Our introduction to Samson’s family includes the note that his mother “was barren and had no children” (13:2). The angel pressed this home: “You are barren and have not borne children” (13:3).

Barrenness in ancient Israelite culture was a source of great distress and even shame. Children were necessary for a woman’s security in her old age should she be widowed. Children were necessary in order to guarantee the ongoing family name and the retention of family inheritance. More importantly, Israelite women always lived in hope that they might be the one to birth Messiah, the offspring of the woman sent by God to crush the head of the serpent. In fact, there is no tragedy in Scripture that elicits a personal visit from the angel of Yahweh as frequently as barrenness.

The barrenness of Samson’s mother is surely intended to stand over against another judge, who lived at the same time, in another part of the country. If you reconcile the timelines, you will discover that, though their stories are told in different books, Samson and Samuel were contemporaries. The similarities in their birth stories are too obvious to be coincidental.

Both lived during the time of Philistine oppression. Hannah, Samuel’s mother, was barren as was Samson’s (unnamed) mother. Both women conceived after divine intervention, both boys were Nazirites from the womb, and both boys served as judges to Israel.

There is one stark contrast, however. Hannah took the burden of her barrenness to the Lord in fervent prayer, pleading with him to give her a son. Samson’s parents, on the other hand, seem to have resigned themselves to the reality of infertility. There is no indication that they prayed, no indication that they visited the tabernacle, no indication that they made faith-filled vows to the Lord. As Bruce Waltke notes, “Monoah’s wife stoically resigns herself to barrenness and despairs of prayer.”

The author highlights this stoic resignation from the outset, and it becomes the hallmark of Samson’s judgeship. The Israelites in Samson’s time had resigned themselves to Philistine oppression and were not looking for a way out. Nowhere is this more clearly seen than in 15:9–13:

Then the Philistines came up and encamped in Judah and made a raid on Lehi. And the men of Judah said, “Why have you come up against us?” They said, “We have come up to bind Samson, to do to him as he did to us.” Then 3,000 men of Judah went down to the cleft of the rock of Etam, and said to Samson, “Do you not know that the Philistines are rulers over us? What then is this that you have done to us?” And he said to them, “As they did to me, so have I done to them.” And they said to him, “We have come down to bind you, that we may give you into the hands of the Philistines.” And Samson said to them, “Swear to me that you will not attack me yourselves.” They said to him, “No; we will only bind you and give you into their hands. We will surely not kill you.” So they bound him with two new ropes and brought him up from the rock.

(Judges 15:9–13)

Notice the response of the people of Judah to Samson: “Do you not know that the Philistines are rulers over us?” Did the people of Judah not know that God had appointed Samson to save them from the Philistines? It seems that they had resigned themselves to Philistine oppression. There was no use in fighting the Philistines. It would only cause more trouble. No wonder Samson never amassed an Israelite army around him to fight against the Philistines. Nobody was willing to stand with him and fight.

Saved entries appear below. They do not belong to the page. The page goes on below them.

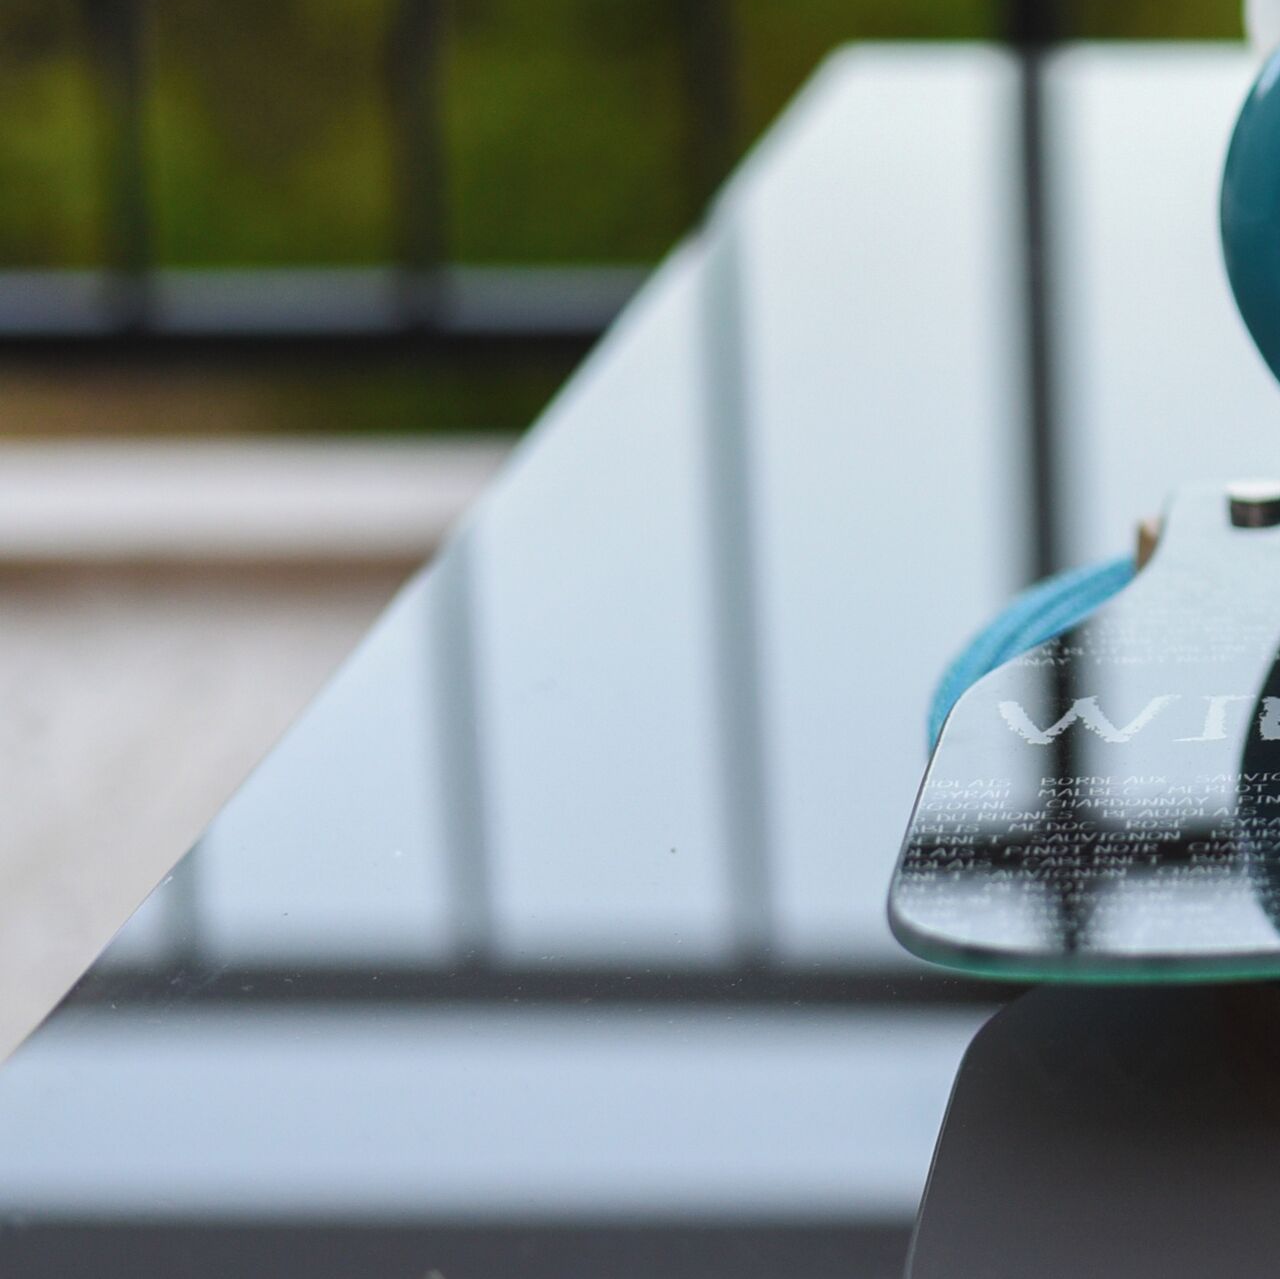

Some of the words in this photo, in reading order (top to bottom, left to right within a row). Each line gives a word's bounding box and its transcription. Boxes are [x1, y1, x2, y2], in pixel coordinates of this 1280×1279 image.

[1041, 775, 1167, 787] BORDEAUX
[1037, 785, 1136, 798] MALBEC
[1168, 783, 1268, 795] MERLOT
[1045, 796, 1209, 809] CHARDONNAY
[1103, 805, 1258, 819] BEAUJOLAIS
[1032, 831, 1181, 844] SAUVIGNON
[1004, 844, 1087, 858] PINOT
[1094, 842, 1160, 855] NOIR

A word must also be said at this point about Samson’s appointment as a “Nazirite.” A Nazarite is not the same as a Nazarene. Jesus was a Nazarene, which means simply that he grew up in the town of Nazareth. A Nazarite was someone who took upon him- or herself a particular vow of separation. The stipulations for that vow can be read in Numbers 6:1–21.

Briefly, a Nazarite vow was (ordinarily) a voluntary vow to God, by which a person would set him- or herself apart to special service for a stipulated time. During that time, the Nazirite had to keep three stipulations. First, the Nazirite could not eat or drink any fruit of the vine and needed to abstain completely from any form of alcohol. Second, the Nazirite could not cut his or her hair for the duration of the vow. Third, the Nazirite could not touch any dead body, human or animal, for the duration of the vow.

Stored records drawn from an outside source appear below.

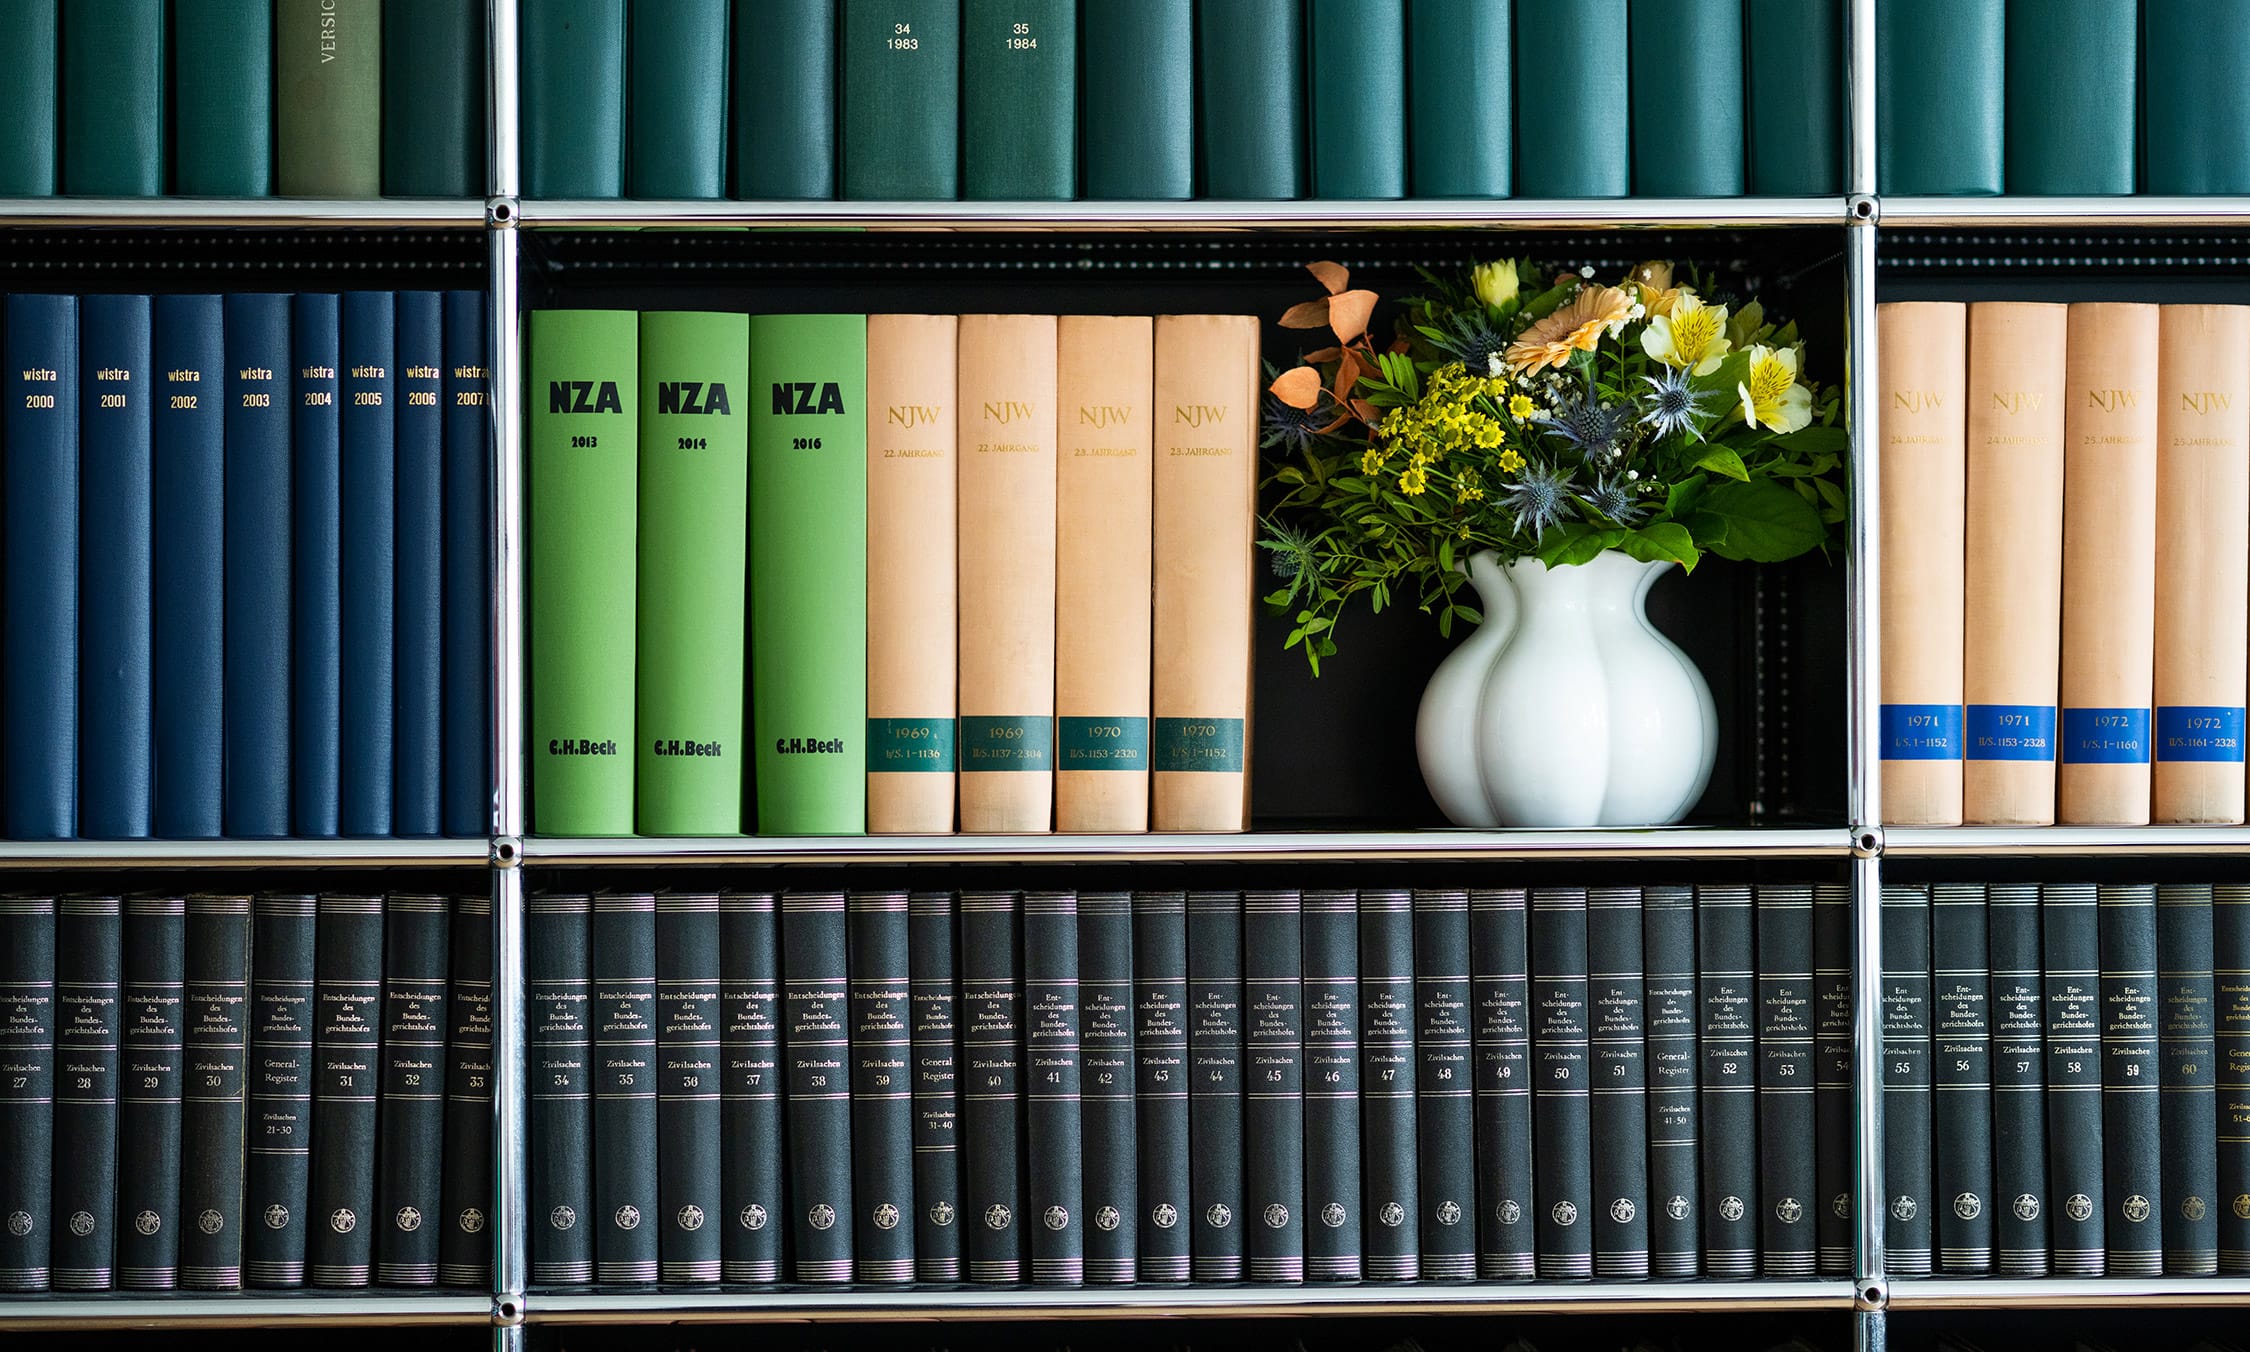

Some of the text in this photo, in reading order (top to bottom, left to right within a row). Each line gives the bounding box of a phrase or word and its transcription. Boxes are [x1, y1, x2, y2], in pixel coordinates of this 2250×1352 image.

[895, 24, 910, 34] 34
[1013, 24, 1029, 34] 35
[887, 39, 918, 49] 1983
[1006, 38, 1037, 49] 1984
[23, 368, 57, 381] wistra
[97, 368, 130, 380] wistra
[168, 369, 200, 382] wistra
[240, 367, 272, 380] wistra
[303, 366, 334, 379] wistra
[352, 366, 385, 378] wistra
[406, 366, 439, 378] wistra
[455, 365, 487, 378] wistra
[26, 395, 54, 408] 2000
[101, 395, 126, 407] 2001
[171, 396, 197, 409] 2002
[242, 394, 270, 408] 2003
[305, 393, 331, 405] 2004
[355, 393, 382, 405] 2005
[409, 393, 436, 405] 2006
[457, 392, 483, 405] 2007
[550, 381, 623, 413] NZA
[658, 382, 731, 415] NZA
[772, 383, 845, 415] NZA
[2089, 390, 2140, 415] NJW
[1894, 391, 1944, 415] NJW
[1993, 391, 2042, 415] NJW
[2182, 392, 2232, 415] NJW
[888, 405, 941, 428] NJW
[984, 402, 1035, 424] NJW
[1079, 405, 1132, 428] NJW
[1175, 405, 1227, 428] NJW
[572, 436, 597, 448] 2013
[678, 438, 707, 450] 2014
[793, 438, 822, 450] 2016
[1185, 448, 1232, 456] JAHRGANG
[1907, 716, 1938, 727] 1971
[1999, 715, 2029, 726] 1971
[2095, 716, 2129, 727] 1972
[2187, 718, 2221, 728] 1972
[896, 727, 929, 739] 1969
[989, 727, 1024, 739] 1969
[1088, 727, 1121, 738] 1970
[1183, 726, 1216, 736] 1970
[549, 739, 617, 755] C.H.Beck
[654, 740, 721, 756] C.H.Beck
[776, 738, 843, 754] C.H.Beck
[323, 994, 375, 1003] Entscheidungen
[660, 992, 716, 1002] Entscheidungen
[682, 1002, 695, 1010] des
[1033, 1003, 1074, 1011] scheidungen
[325, 1025, 370, 1034] gerichtshofes
[666, 1023, 712, 1033] gerichtshofes
[2052, 1021, 2095, 1029] gerichtshofes
[2110, 1022, 2152, 1031] gerichtshofes
[1032, 1029, 1075, 1038] gerichtshofes
[1035, 1058, 1073, 1066] Zivilsachen
[1657, 1052, 1690, 1061] General-
[265, 1059, 300, 1068] General-
[328, 1062, 366, 1070] Zivilsachen
[668, 1061, 711, 1069] Zivilsachen
[1722, 1063, 1737, 1074] 52
[1895, 1063, 1910, 1073] 55
[1956, 1060, 1969, 1071] 56
[2016, 1062, 2029, 1073] 57
[2068, 1062, 2082, 1073] 58
[2182, 1064, 2197, 1074] 60
[1154, 1071, 1168, 1081] 43
[1209, 1071, 1223, 1081] 44
[1267, 1071, 1281, 1081] 45
[1325, 1071, 1340, 1081] 46
[1381, 1070, 1395, 1081] 47
[1437, 1068, 1452, 1079] 48
[1496, 1068, 1510, 1078] 49
[1554, 1068, 1569, 1079] 50
[1613, 1065, 1626, 1076] 51
[1658, 1066, 1689, 1076] Register
[1780, 1065, 1794, 1076] 53
[2127, 1065, 2139, 1076] 59
[206, 1076, 221, 1086] 30
[265, 1073, 297, 1084] Register
[340, 1076, 353, 1086] 31
[405, 1075, 420, 1085] 32
[469, 1077, 483, 1087] 33
[554, 1075, 569, 1085] 34
[619, 1074, 633, 1084] 35
[684, 1076, 698, 1087] 36
[747, 1075, 760, 1085] 37
[812, 1076, 826, 1086] 38
[875, 1076, 890, 1086] 39
[923, 1071, 954, 1082] Register
[987, 1076, 1001, 1086] 40
[1047, 1072, 1060, 1083] 41
[1097, 1073, 1113, 1084] 42
[14, 1078, 27, 1088] 27
[77, 1078, 91, 1089] 28
[144, 1078, 158, 1088] 29
[267, 1126, 291, 1134] 21-30

When the period of the vow was over, the Nazirite must shave his or her head and offer the hair with prescribed sacrifices as a token of release from the vow. If, at any point, the Nazirite broke his or her vow, he or she was to shave the head, offer sacrifices, and begin the vow all over again. The uncut hair was an outward, visible sign that the Nazirite vow was still in place.

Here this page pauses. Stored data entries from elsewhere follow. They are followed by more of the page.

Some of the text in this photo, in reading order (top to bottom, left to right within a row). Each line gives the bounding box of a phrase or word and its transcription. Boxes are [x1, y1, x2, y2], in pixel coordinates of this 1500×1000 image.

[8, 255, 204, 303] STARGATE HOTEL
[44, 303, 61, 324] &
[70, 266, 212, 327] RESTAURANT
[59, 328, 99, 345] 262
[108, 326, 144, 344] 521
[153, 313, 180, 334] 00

Samson and Samuel were unusual—as, apparently, was John the Baptist centuries later (Luke 1:14)—in being set apart by God as Nazirites from conception.

Much more could be said about this particular chapter—about the encounter with the angel, about Manoah’s interaction with his wife, about Manoah and his wife’s submission to the angelic instruction, etc.—but the point to be emphasised for our purposes is God’s initiative in this last salvation story. Israel was not looking for a saviour but God saw Israel’s need and stepped in regardless to promise a saviour.

We must be encouraged that we serve a God of initiative. The Bible teaches that we are naturally complacent in our sin. “None is righteous, no, not one; no one understands; no one seeks for God. All have turned aside; together they have become worthless; no one does good, not even one” (Romans 3:10–11). Like Israel, we were not seeking salvation. Thankfully, God does not give only what we ask for. Dale Ralph Davis is correct: “If Yahweh’s help were given only when we prayed for it, only when we asked for it, only when we had the sense enough to seek it, what paupers and orphans we would be.” Happily, as Laura Smit observes, God’s “grace is operative even (perhaps especially) when we do not seek it.”

As Israel rested seemingly content in its sin, Yahweh spoke to an infertile couple to promise a son who would “begin to save Israel from the hand of the Philistines” (13:5). The rest of the story shows how Samson tried and failed to secure Israel’s salvation and then how God stepped in to provide salvation despite Samson’s failure.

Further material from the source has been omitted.